Yalnız sahûrda ve müsâfiri utandırmamak için harâm olmaz. Çeşidli meyve, tatlı
yimek, içmek câiz ise de, vaz geçmek iyidir. Sofrada, lüzûmundan fazla, çeşidli
yemekler bulundurmak isrâfdır. İbâdete kuvvetlenmek için ve müsâfir için
bulundurmak, isrâf olmaz. Lüzûmundan fazla ekmek bulundurmak da böyledir.
Domuz eti
yimemelidir, şiddetli harâmdır. Ehlî eşek eti ve sütü tahrîmen mekrûhdur. Yalnız
Mâlikî mezhebinde halâldir. Kasden, ya’nî hâtırında olduğu hâlde, bilerek
besmele çekmeden kesilen hayvanı ve besmelesiz tutulan av hayvanını, kitâbsız
kâfirlerin, mürtedlerin kesdiği, avladığı hayvanı yimek harâmdır. Böyle tutulan
balığı yimek harâm değildir. Kesmeyip de, bir yerine bıçak saplıyarak, ensesine
ve alnına vurarak veyâ boğarak veyâ ilâclıyarak, elektrikliyerek öldürülen kara
hayvanları, leş olur. Bunları yimek harâm olur. Besmele ile gönderilen av
köpeğinin ve doğan kuşunun yakalayıp, ısırarak yaralayıp öldürdüğü av hayvanı
yinir. Diri getirdikleri av hayvanını kesmek lâzımdır. Köpeğin, yaralamayıp
boğduğu ve yaralayıp etinden yidiği av, yinmez.
Avını köpek
dişi ile veyâ pençesi ile yakalayan hayvanın etini yimek harâmdır. Karada, suda
yaşıyan haşerâtı yimek, halâl değildir. Meselâ, kertenkele, kaplumbağa, yılan,
kurbağa, arı, pire, bit, sinek, akrep, midye, yengeç ve fare, köstebek, kirpi,
sincap yimek halâl değildir.
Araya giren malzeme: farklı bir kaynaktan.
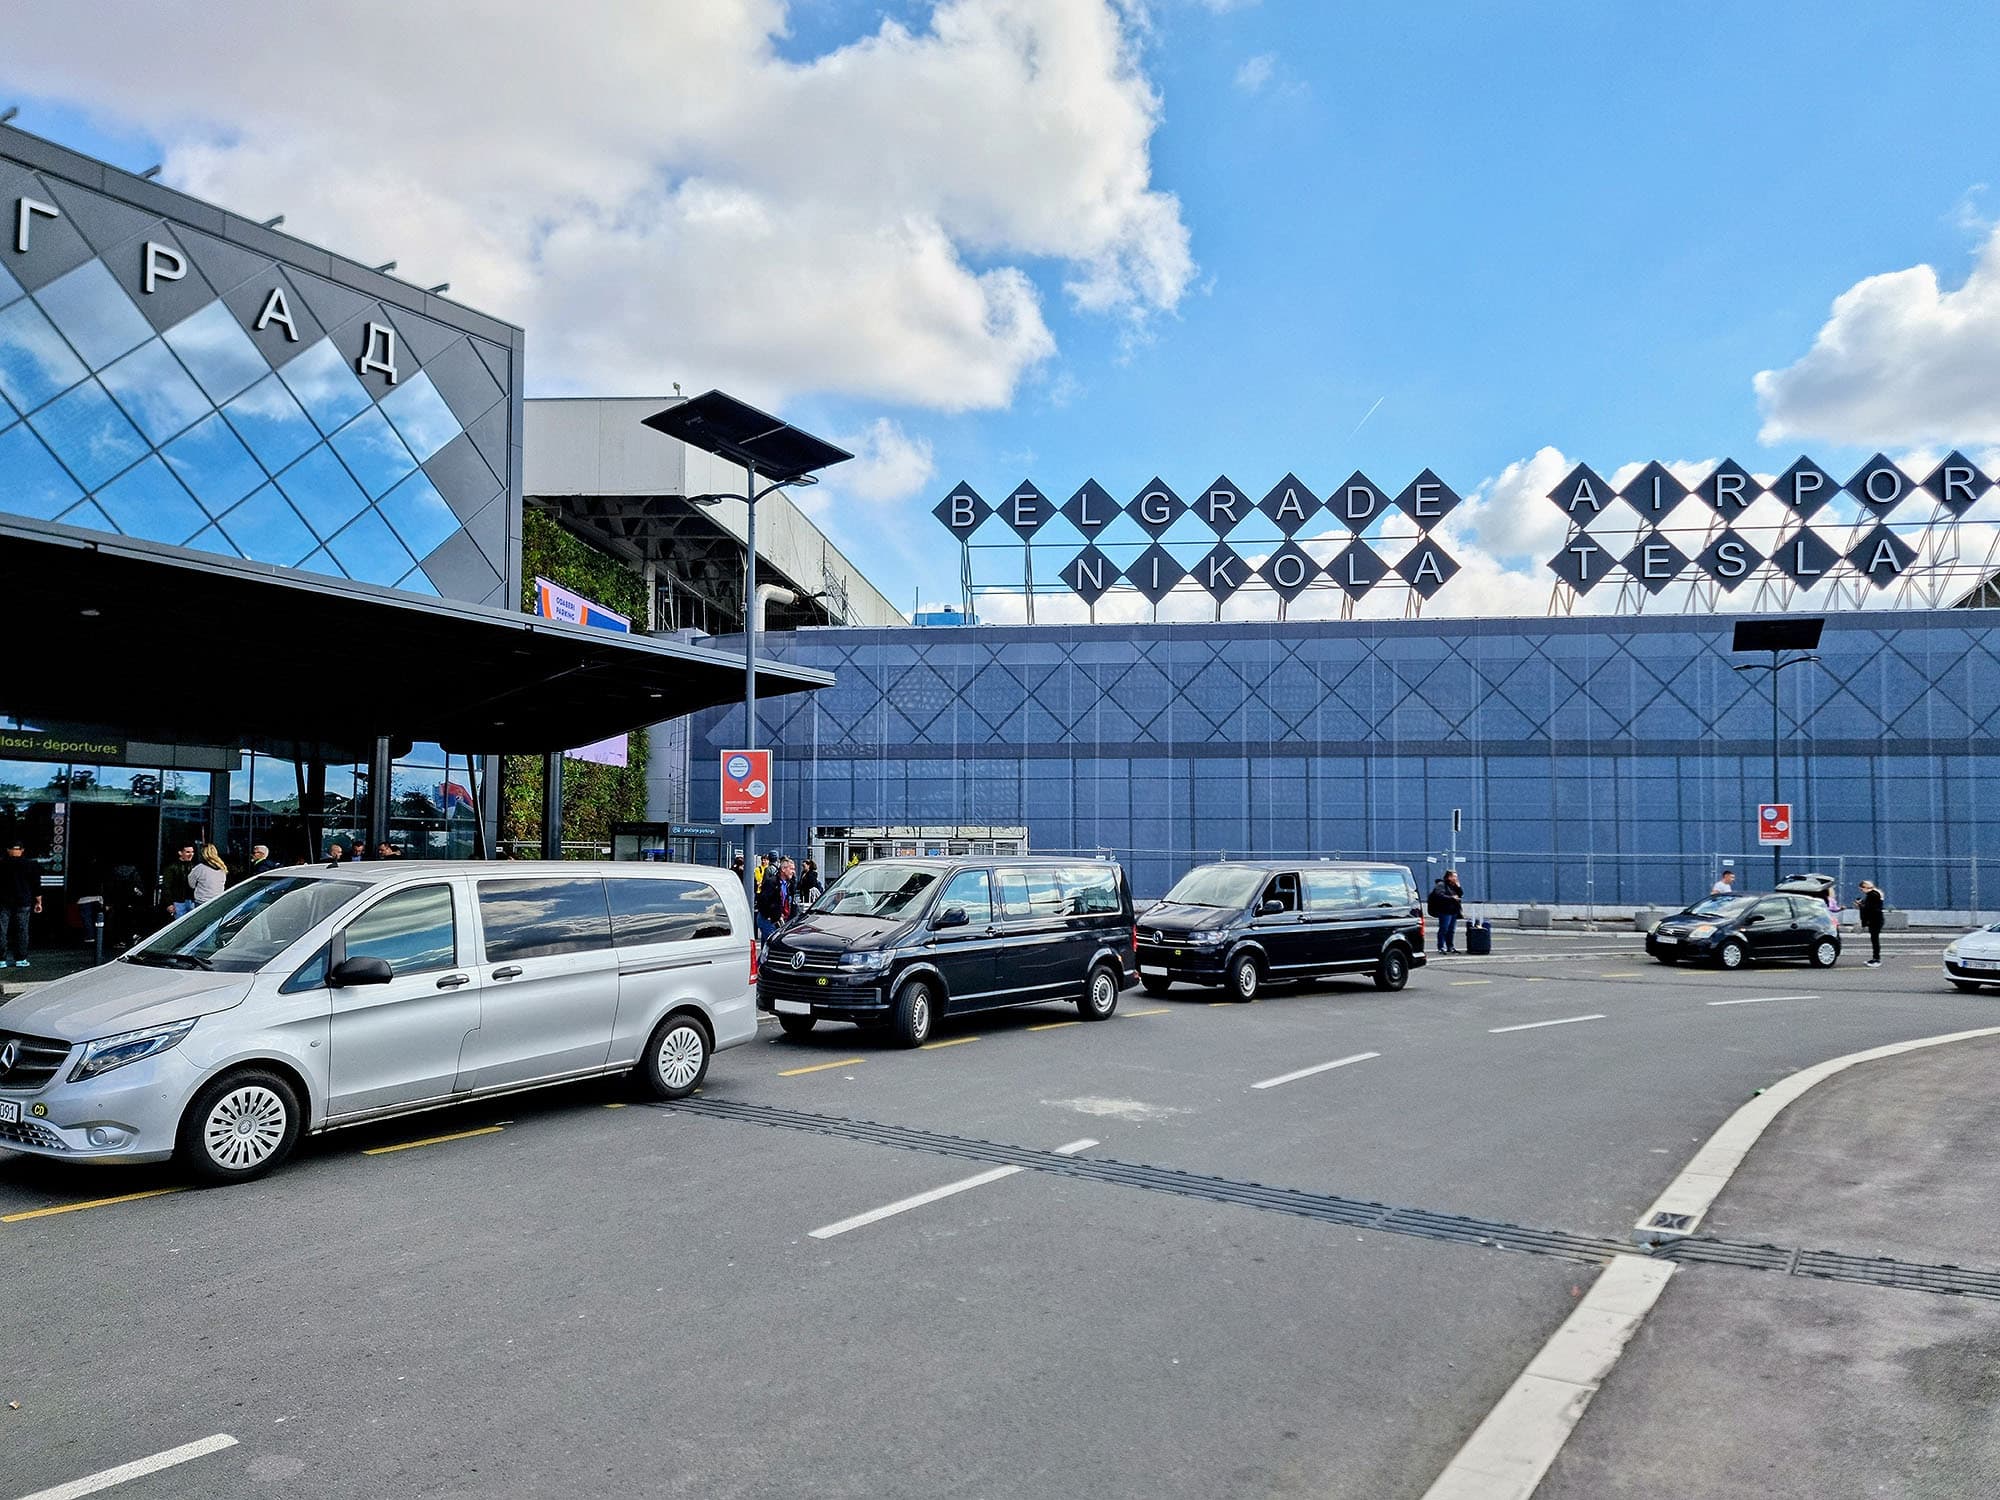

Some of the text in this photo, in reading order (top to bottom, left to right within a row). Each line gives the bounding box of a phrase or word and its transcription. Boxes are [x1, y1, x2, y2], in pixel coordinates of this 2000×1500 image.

Avlanılan, yakalanan her balığı yimek halâl olduğu,
Mâide sûresinde bildirilmekdedir. Su içinde kendiliğinden ölüp, karnı üst
tarafda duran balık yinmez. Ağ ile, saçma ile, ilâc ile, sarsıntı ile ölen her
balık yinir. Kitâblı kâfirlerin, kendi kitâblarına göre ve kendi dilleri ile
Allahü teâlânın ismini söyliyerek kesdiklerini ve kadının, çocuğun ve cünüb
olanın kesdiğini yimek câizdir. Besmele çekmesi unutularak kesileni ve avlananı
yimek câizdir. Şâfi’î mezhebinde Besmelesiz kesileni yimek de câizdir. Mâlikî
mezhebinde, Besmelesi unutulan da yinmez. Tiryâk denilen ilâcda, yılan eti,
ispirto varsa, içmesi harâm, satması câizdir. Bunların bulunduğu bilinmiyorsa,
içmek de câiz olur. İkinci kısm, kırkıncı maddeye bakınız! [Tiryâk, afyon
demekdir. Afyona alışmış olanlara tiryâkî denir. Eski Yunan hakîmlerinin,
zehrlenmelere karşı yapdıkları bir ilâca da denir. İçinde afyon, yılan eti ve
ispirto vardır]. Müslimân kasabdan alınan bir etin, nasıl kesildiği
bilinmiyorsa, halâl olmak ihtimâli varsa, [ya’nî, kesenler müslimân ve mürted
karışık ise], yimek câiz olur. Harâm olduğu, görerek veyâ âdil bir müslimânın
haber vermesi ile anlaşılarak bilinirse, yimemelidir. Fekat, sorup araşdırmak
lâzım değildir. Dâr-ül-islâmda, müslimândan satın alınan şübheli eti yimeli,
vesvese etmemelidir.
Yabânî eşek eti
ve sütü halâldir. Tezek ve başka necs şeyleri yiyen hayvânın eti kokarsa, yanına
yaklaşınca pis koku gelirse, eti, sütü ve teri necs olup, yimesi mekrûhdur.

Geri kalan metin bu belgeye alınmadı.